WHAT YOU SHOULD DO -
Pictures aside, copy every record word for word.
____________________
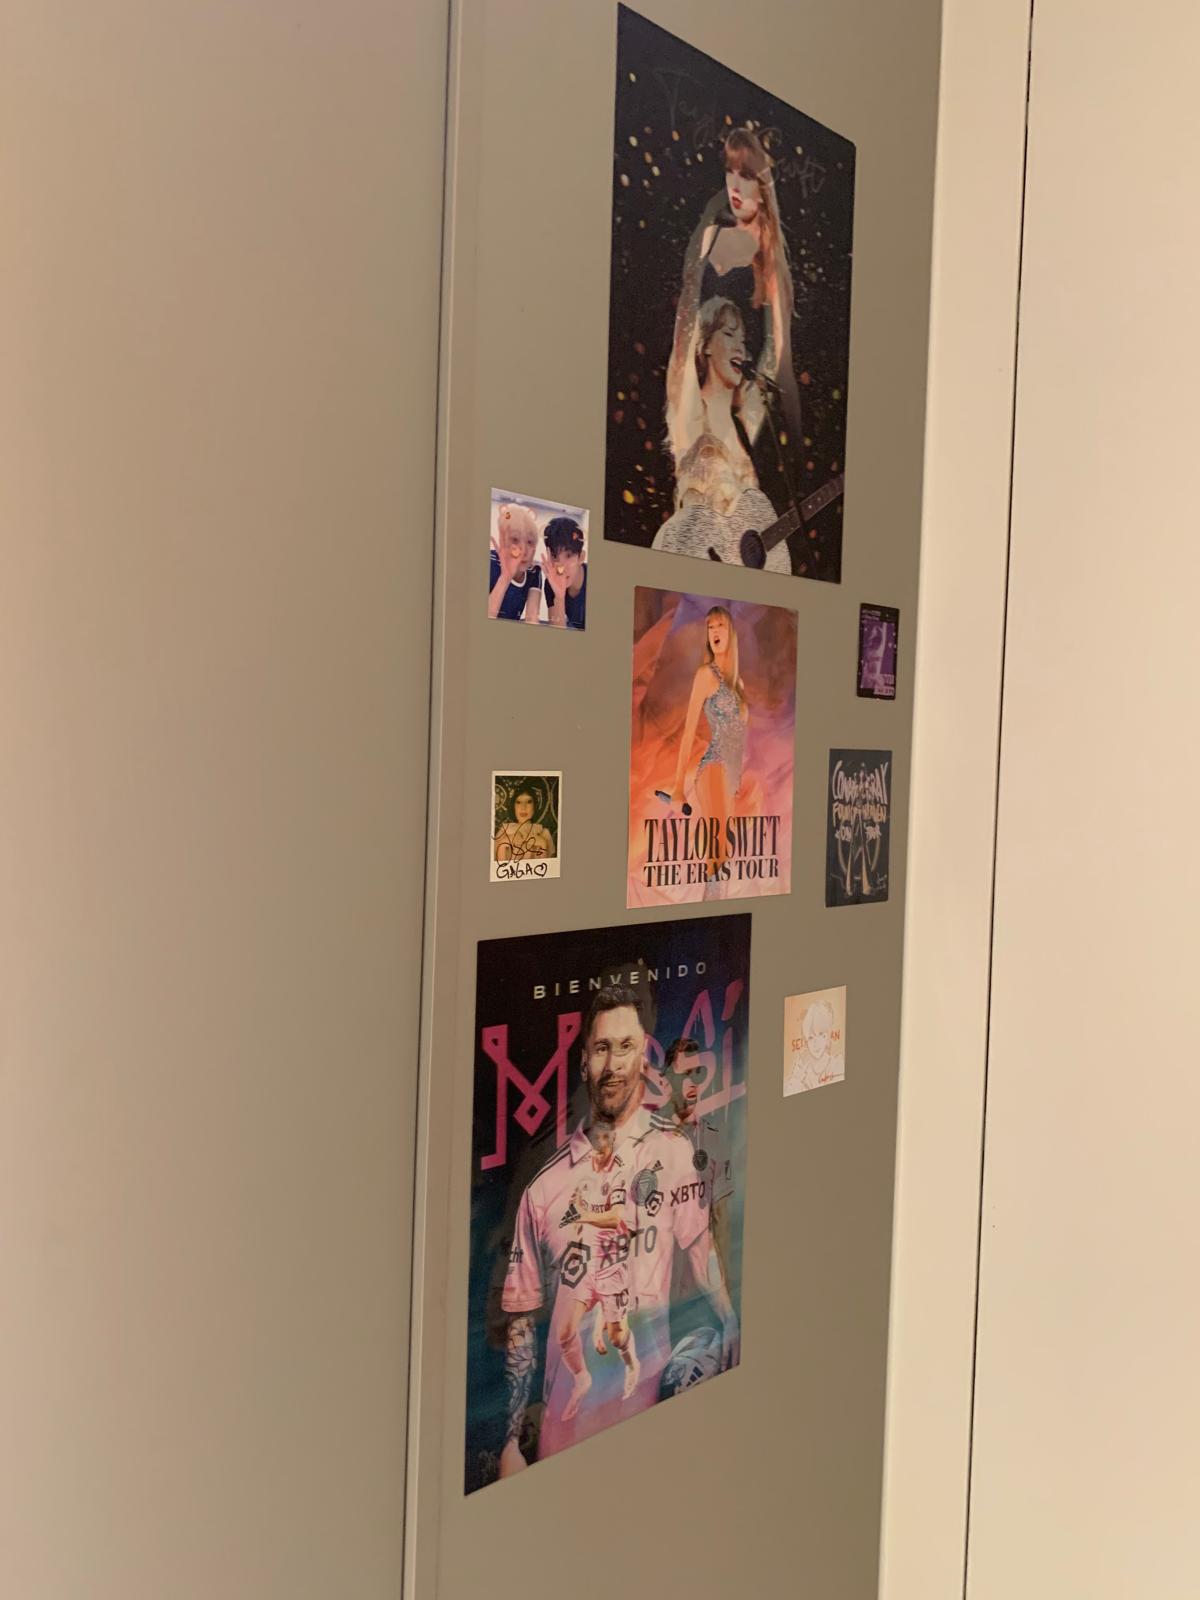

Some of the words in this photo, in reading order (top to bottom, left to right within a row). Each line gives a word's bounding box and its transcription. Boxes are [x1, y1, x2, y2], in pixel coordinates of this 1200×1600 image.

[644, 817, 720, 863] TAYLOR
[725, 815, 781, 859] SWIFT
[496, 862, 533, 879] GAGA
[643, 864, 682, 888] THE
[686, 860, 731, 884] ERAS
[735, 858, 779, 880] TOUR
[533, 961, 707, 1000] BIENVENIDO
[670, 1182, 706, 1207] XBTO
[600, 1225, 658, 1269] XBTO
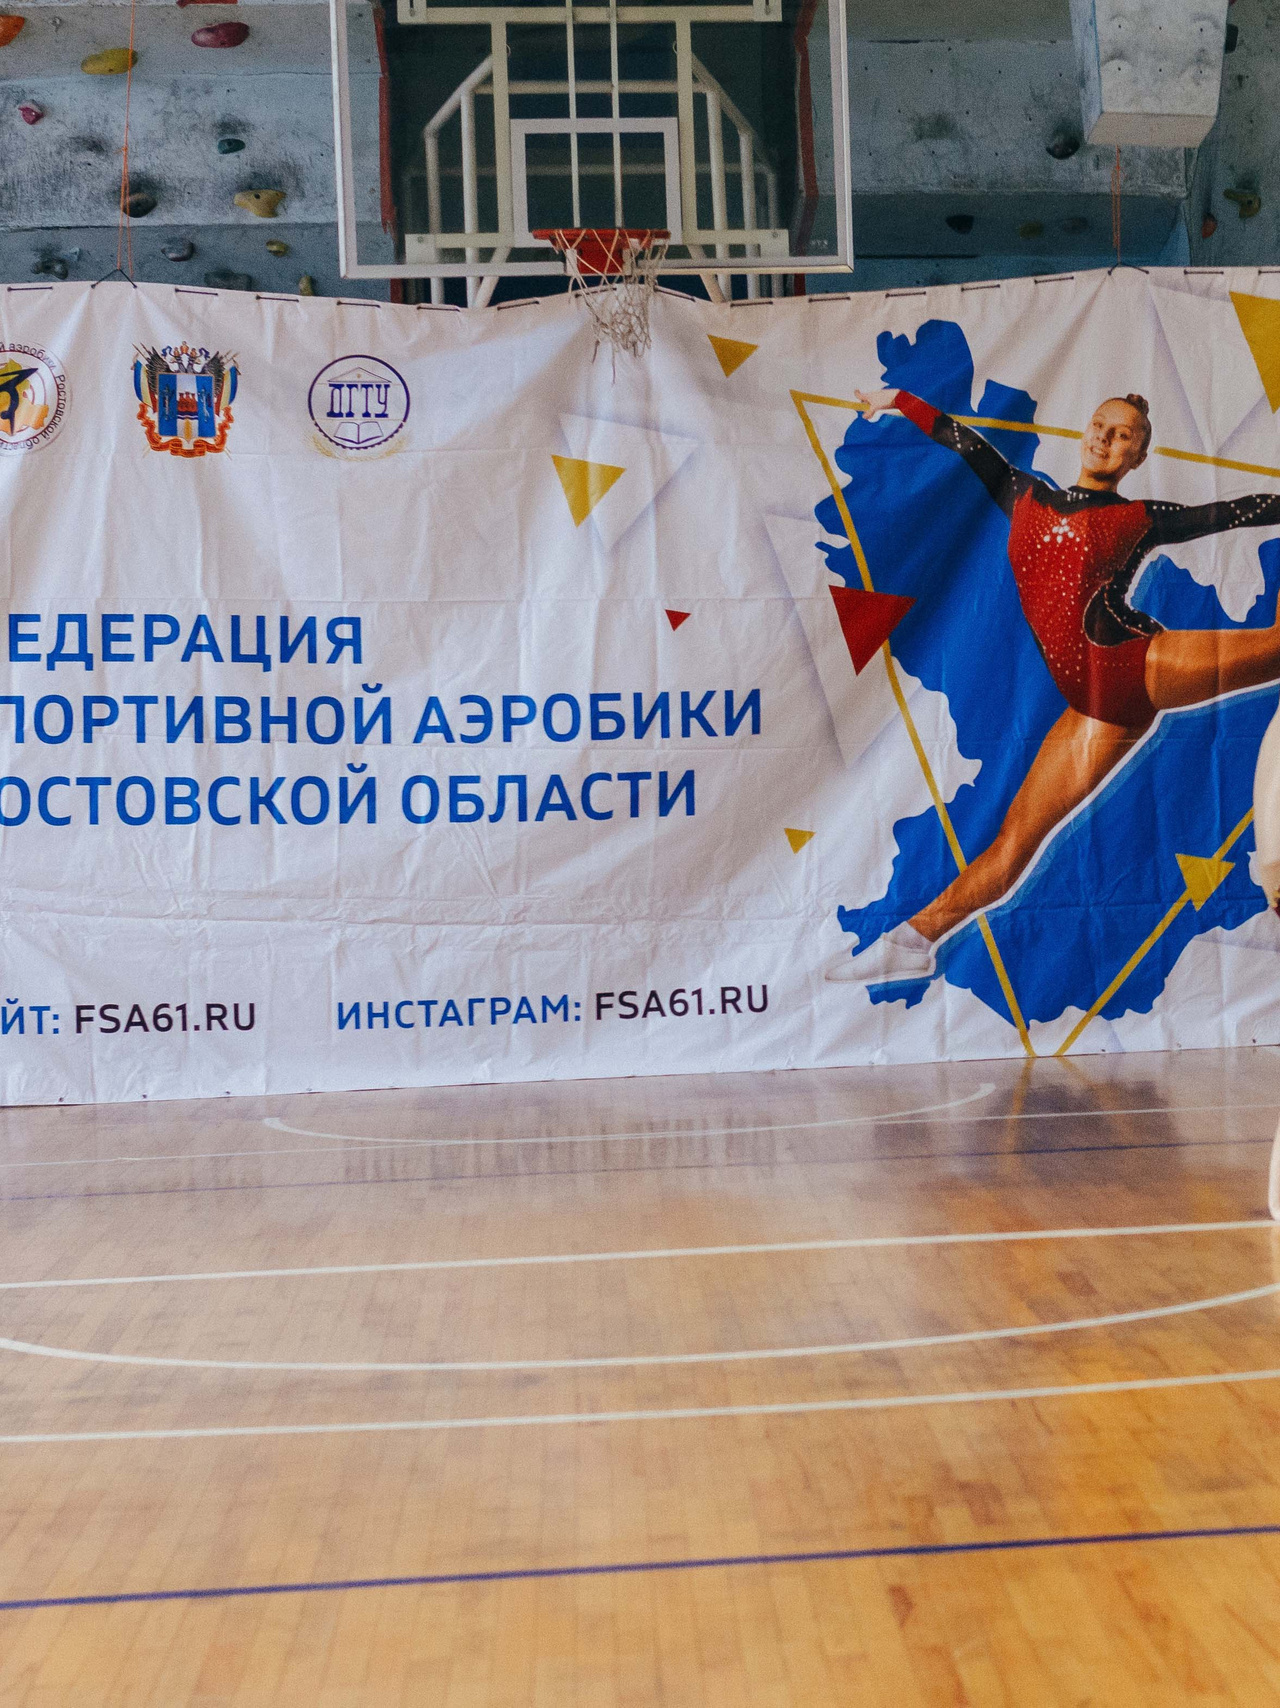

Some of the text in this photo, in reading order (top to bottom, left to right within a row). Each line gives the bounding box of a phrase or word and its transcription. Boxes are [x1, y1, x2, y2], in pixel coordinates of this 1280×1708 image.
____________________
EXERCISE SOLUTION -
Some of the words in this photo, in reading order (top to bottom, left to right within a row). Each line gives a word's bounding box and its transcription. Boxes are [x1, y1, x2, y2], in pixel coordinates of this 1200×1600 image.

[644, 817, 720, 863] TAYLOR
[725, 815, 781, 859] SWIFT
[496, 862, 533, 879] GAGA
[643, 864, 682, 888] THE
[686, 860, 731, 884] ERAS
[735, 858, 779, 880] TOUR
[533, 961, 707, 1000] BIENVENIDO
[670, 1182, 706, 1207] XBTO
[600, 1225, 658, 1269] XBTO

Some of the text in this photo, in reading order (top to bottom, left to right within a row). Each line gives the bounding box of a phrase or word and its transcription. Boxes are [x1, y1, x2, y2], in pixel coordinates of this 1280×1708 image.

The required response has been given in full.